**The problem**
Exclude the pictures and repeat all of the data exactly.

**Material for this exercise**
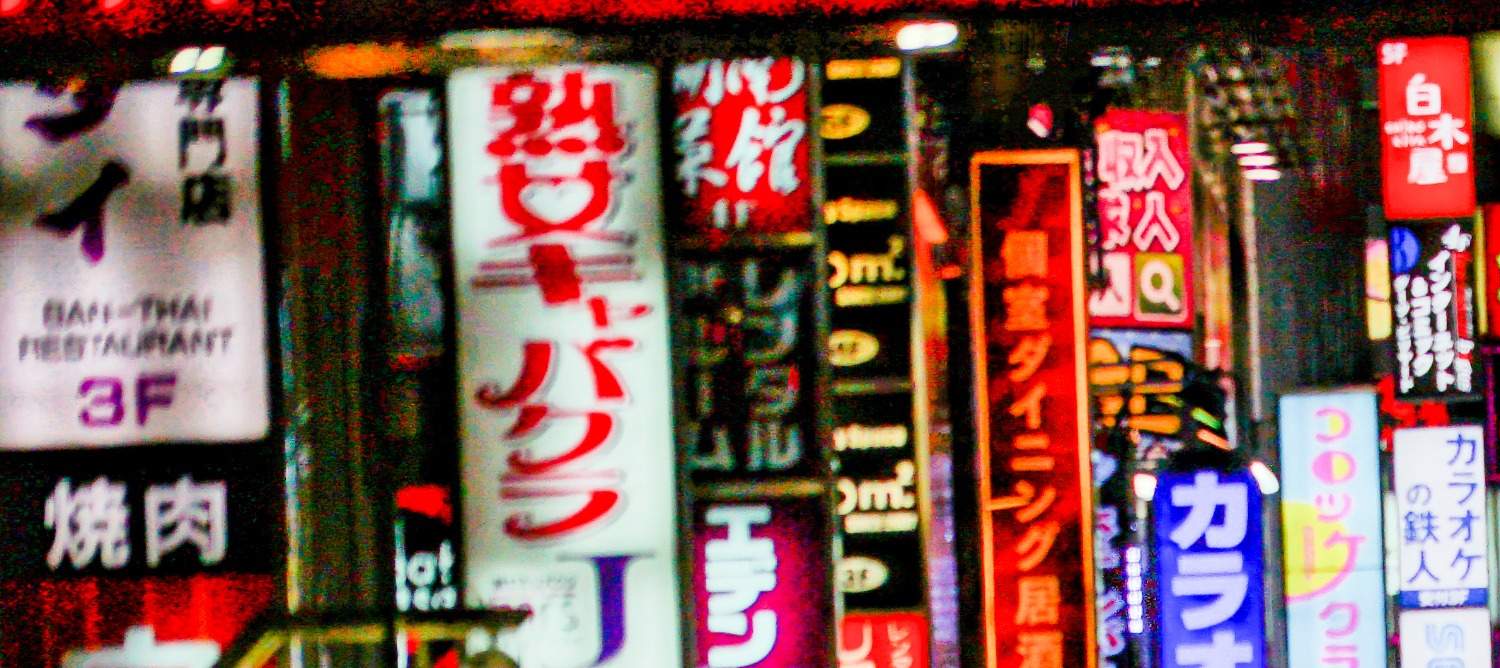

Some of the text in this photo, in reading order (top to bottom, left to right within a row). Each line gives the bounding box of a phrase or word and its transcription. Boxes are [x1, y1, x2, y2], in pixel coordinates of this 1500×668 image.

[77, 371, 178, 428] 3F
[43, 473, 230, 569] 焼肉
[1407, 483, 1441, 584] の鉄人
[1446, 433, 1483, 581] カラオケ
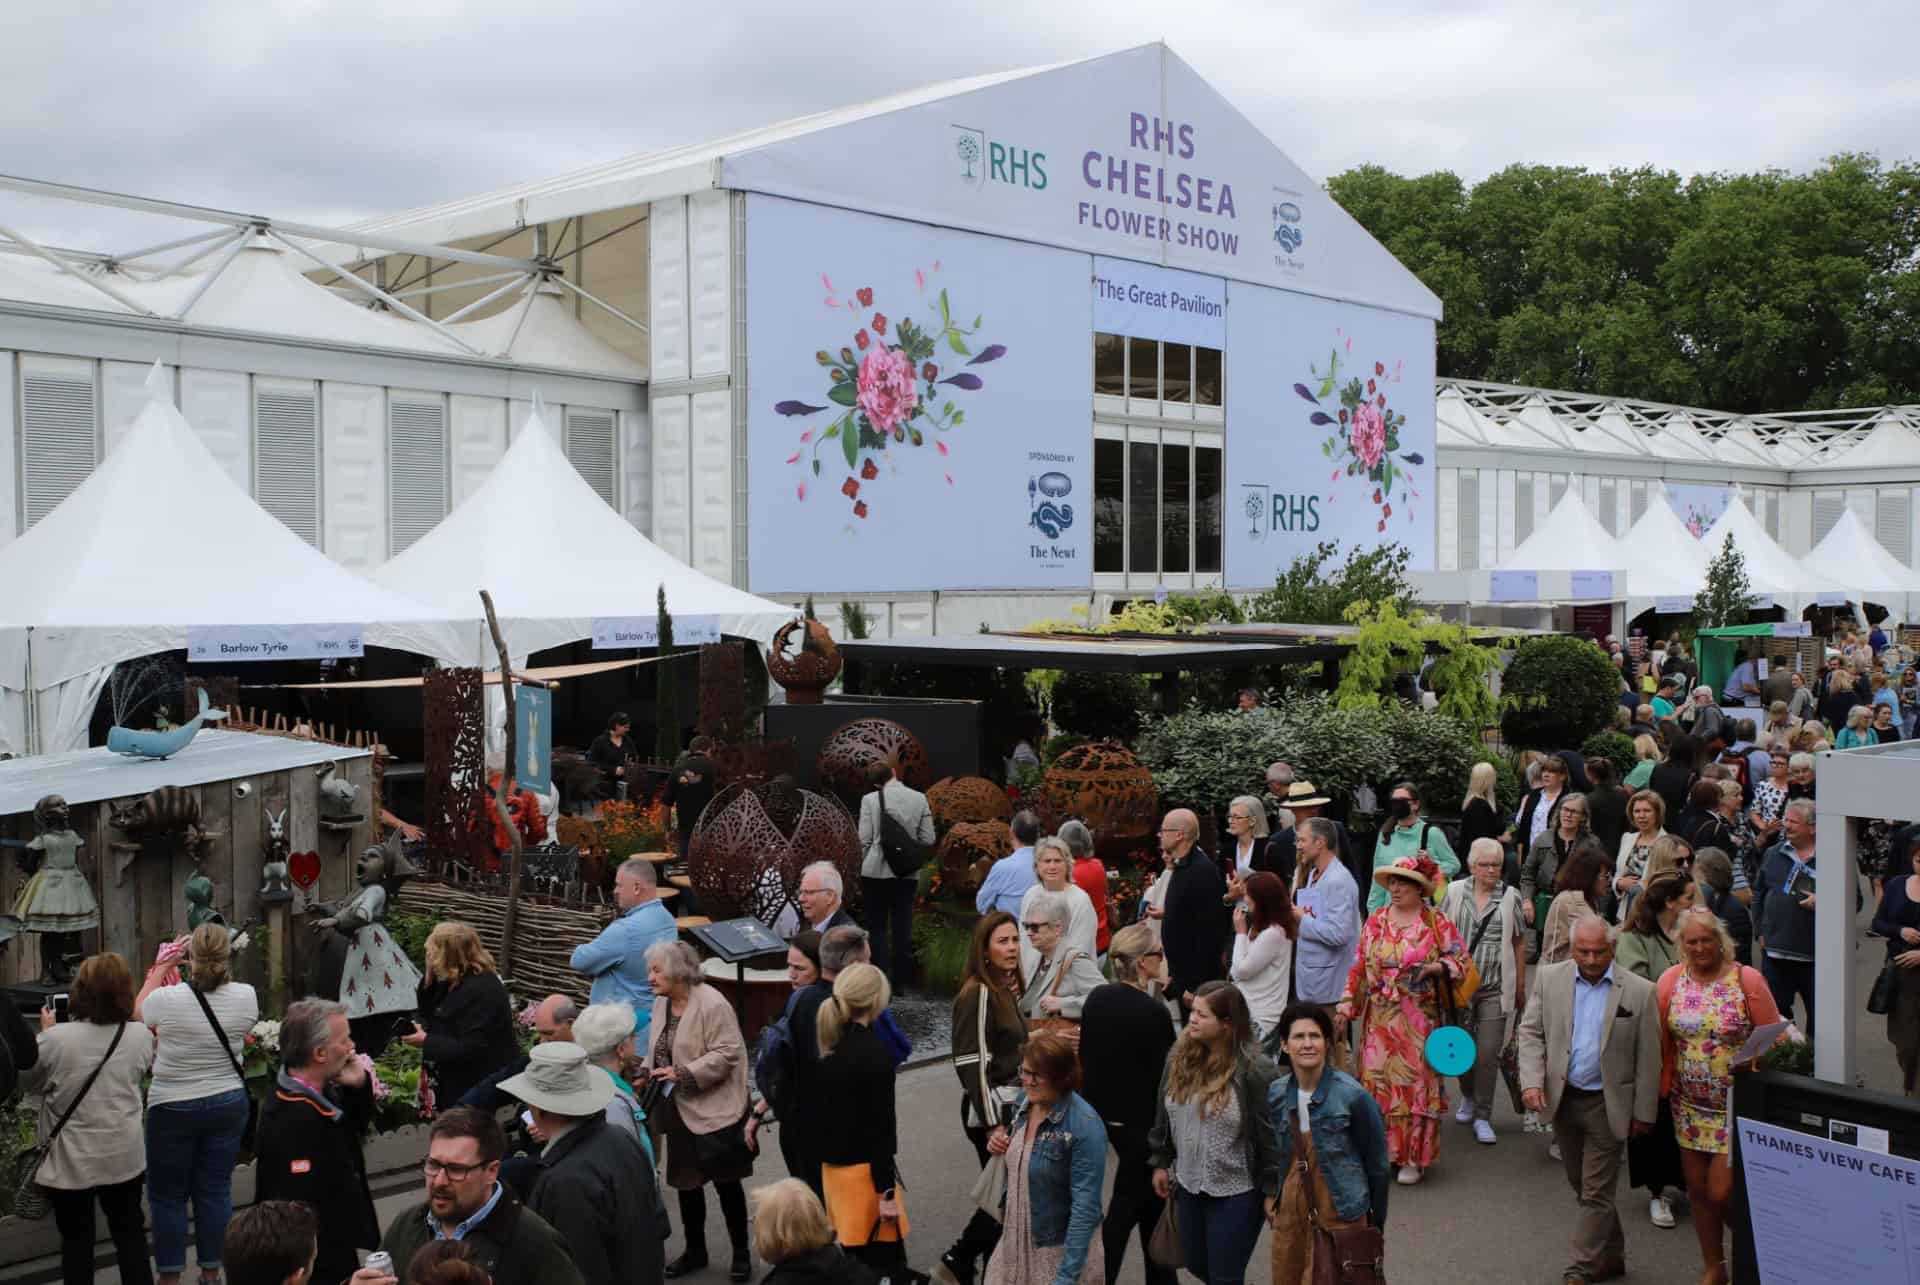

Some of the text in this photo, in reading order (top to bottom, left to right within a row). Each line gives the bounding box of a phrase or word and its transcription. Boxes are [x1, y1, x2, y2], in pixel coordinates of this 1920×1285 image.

[1130, 112, 1195, 159] RHS
[989, 141, 1048, 190] RHS
[1082, 151, 1236, 219] CHELSEA
[1078, 202, 1239, 255] FLOWER SHOW
[1098, 278, 1222, 318] The Great Pavilion
[1272, 493, 1320, 532] RHS
[1030, 544, 1076, 559] The Newt
[220, 642, 259, 655] Barlow
[261, 642, 289, 655] Tyrie
[614, 631, 643, 641] Barlow
[1745, 1130, 1815, 1160] THAMES
[1818, 1149, 1864, 1172] VIEW
[1869, 1162, 1917, 1185] CAFE
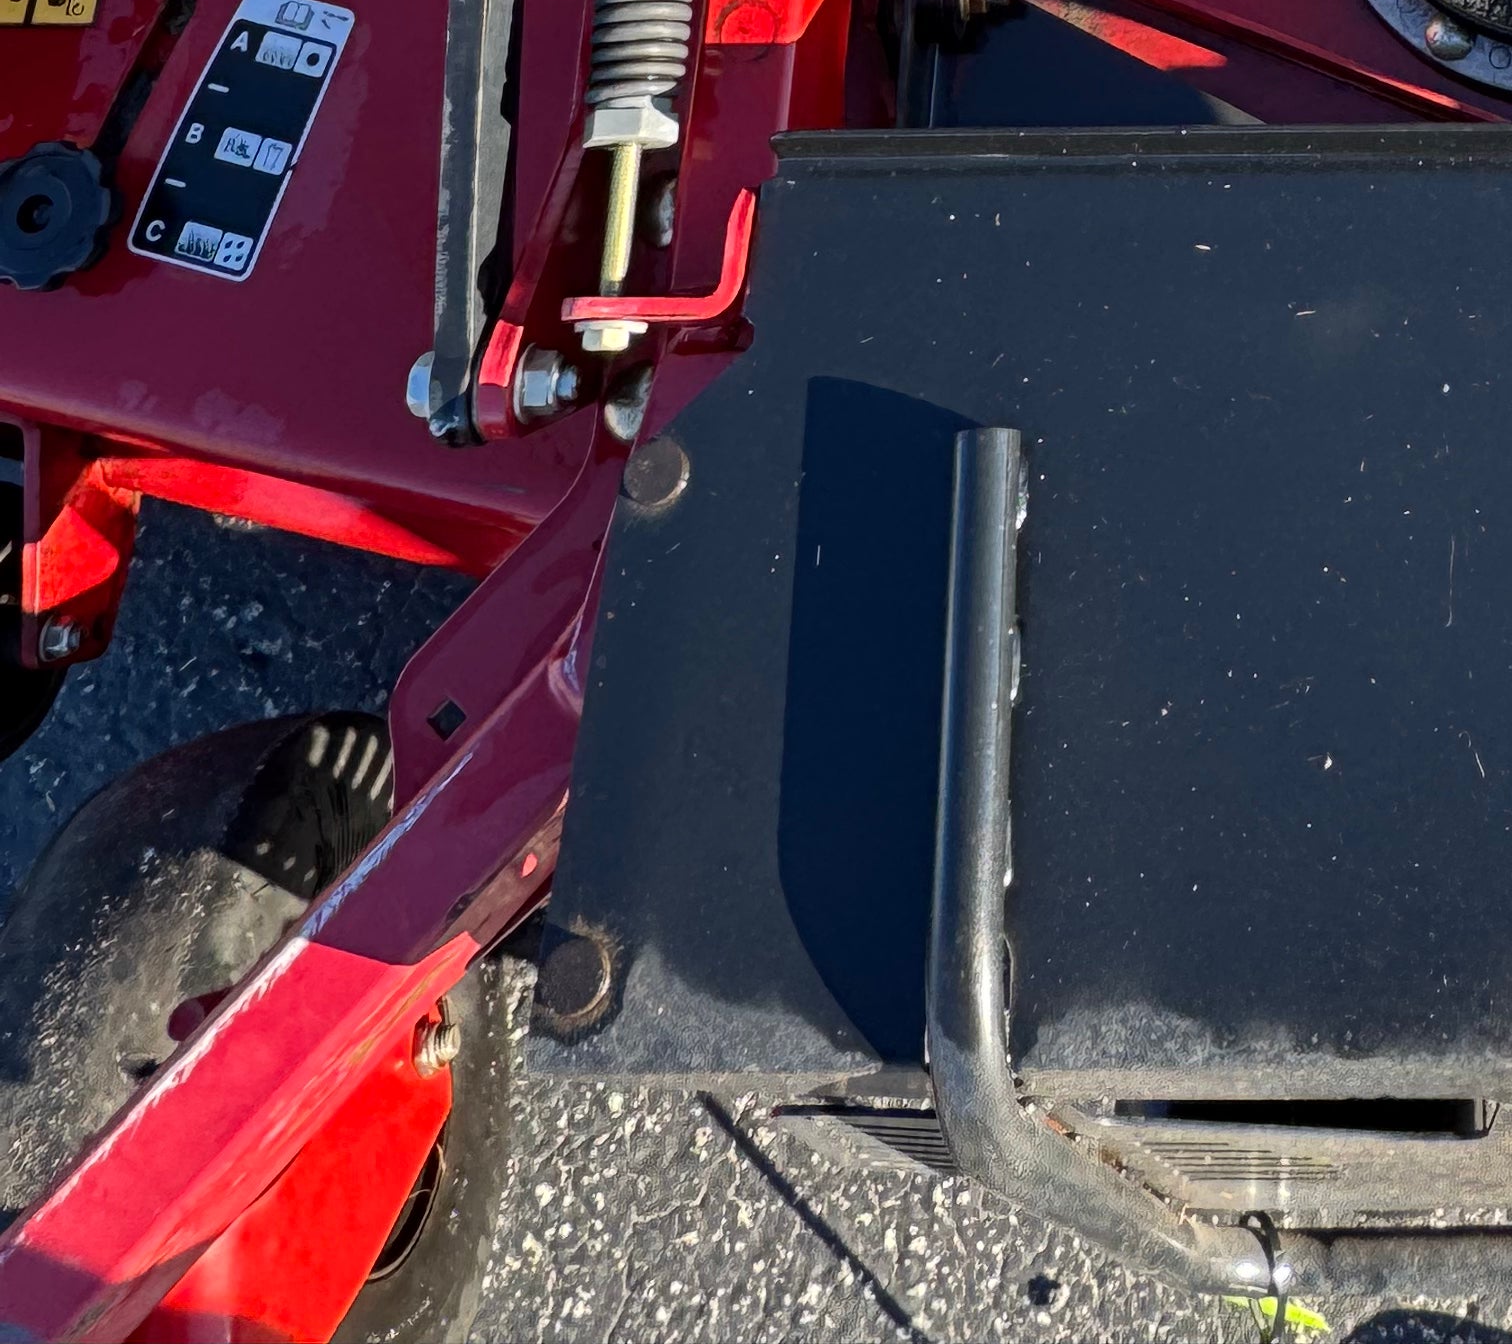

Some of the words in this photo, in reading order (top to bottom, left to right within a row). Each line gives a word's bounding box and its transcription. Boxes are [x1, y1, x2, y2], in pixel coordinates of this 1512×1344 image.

[230, 30, 249, 53] A
[185, 122, 205, 144] B
[145, 219, 166, 242] C
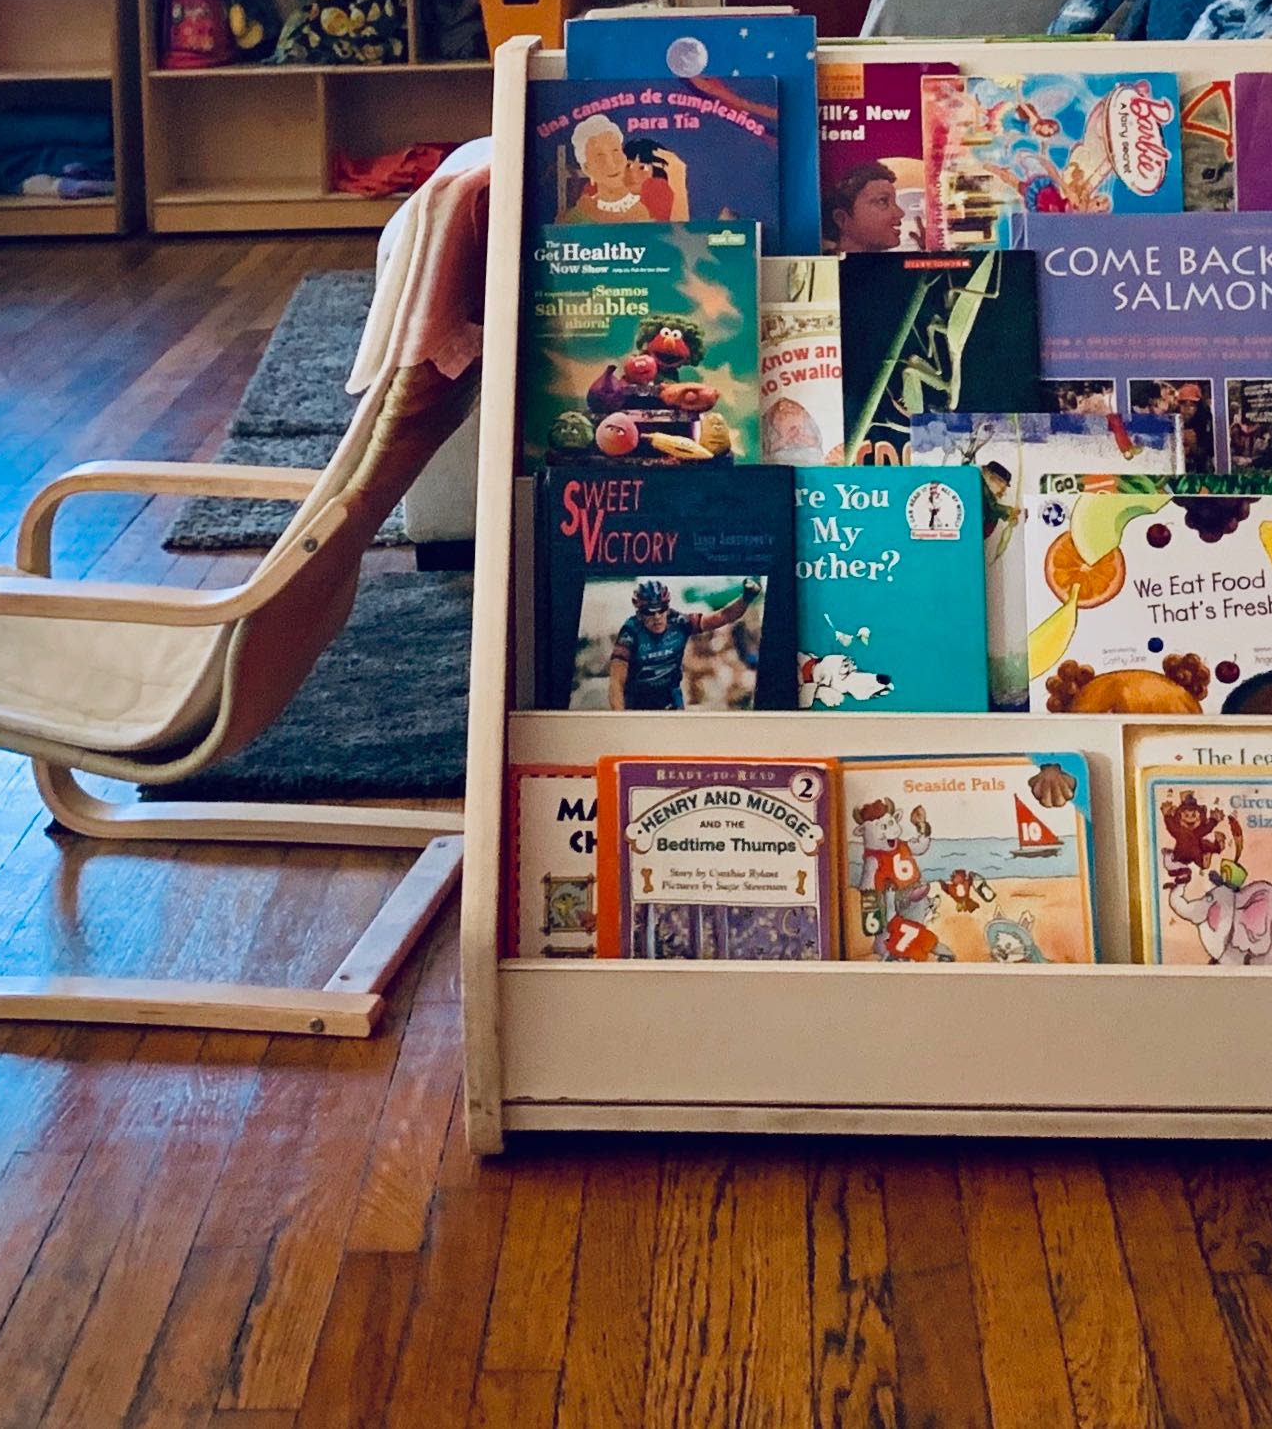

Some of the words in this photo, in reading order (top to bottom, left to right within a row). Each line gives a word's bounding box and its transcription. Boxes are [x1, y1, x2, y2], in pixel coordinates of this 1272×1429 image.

**Output**
Some of the text in this photo, in reading order (top to bottom, left to right within a row). Each line gives the bounding box of a phrase or word and its transcription. Boxes are [x1, y1, x2, y2], in pixel coordinates of this 1500×668 image.

[77, 371, 178, 428] 3F
[43, 473, 230, 569] 焼肉
[1407, 483, 1441, 584] の鉄人
[1446, 433, 1483, 581] カラオケ

Some of the text in this photo, in reading order (top to bottom, left to right within a row). Each line gives the bounding box of a phrase or word and its transcription. Boxes are [x1, y1, x2, y2], in pixel coordinates of this 1920×1285 image.

[1130, 112, 1195, 159] RHS
[989, 141, 1048, 190] RHS
[1082, 151, 1236, 219] CHELSEA
[1078, 202, 1239, 255] FLOWER SHOW
[1098, 278, 1222, 318] The Great Pavilion
[1272, 493, 1320, 532] RHS
[1030, 544, 1076, 559] The Newt
[220, 642, 259, 655] Barlow
[261, 642, 289, 655] Tyrie
[614, 631, 643, 641] Barlow
[1745, 1130, 1815, 1160] THAMES
[1818, 1149, 1864, 1172] VIEW
[1869, 1162, 1917, 1185] CAFE

Some of the words in this photo, in reading order (top to bottom, left to right within a row). Each line gives a word's bounding box and its transcription. Boxes are [x1, y1, x2, y2], in pixel coordinates of this 1512×1344 image.

[230, 30, 249, 53] A
[185, 122, 205, 144] B
[145, 219, 166, 242] C

Some of the words in this photo, in reading order (top to bottom, left to right within a row). Each line gives a word's bounding box and its transcription. Boxes are [x1, y1, x2, y2], in pixel coordinates of this 1272×1429 image.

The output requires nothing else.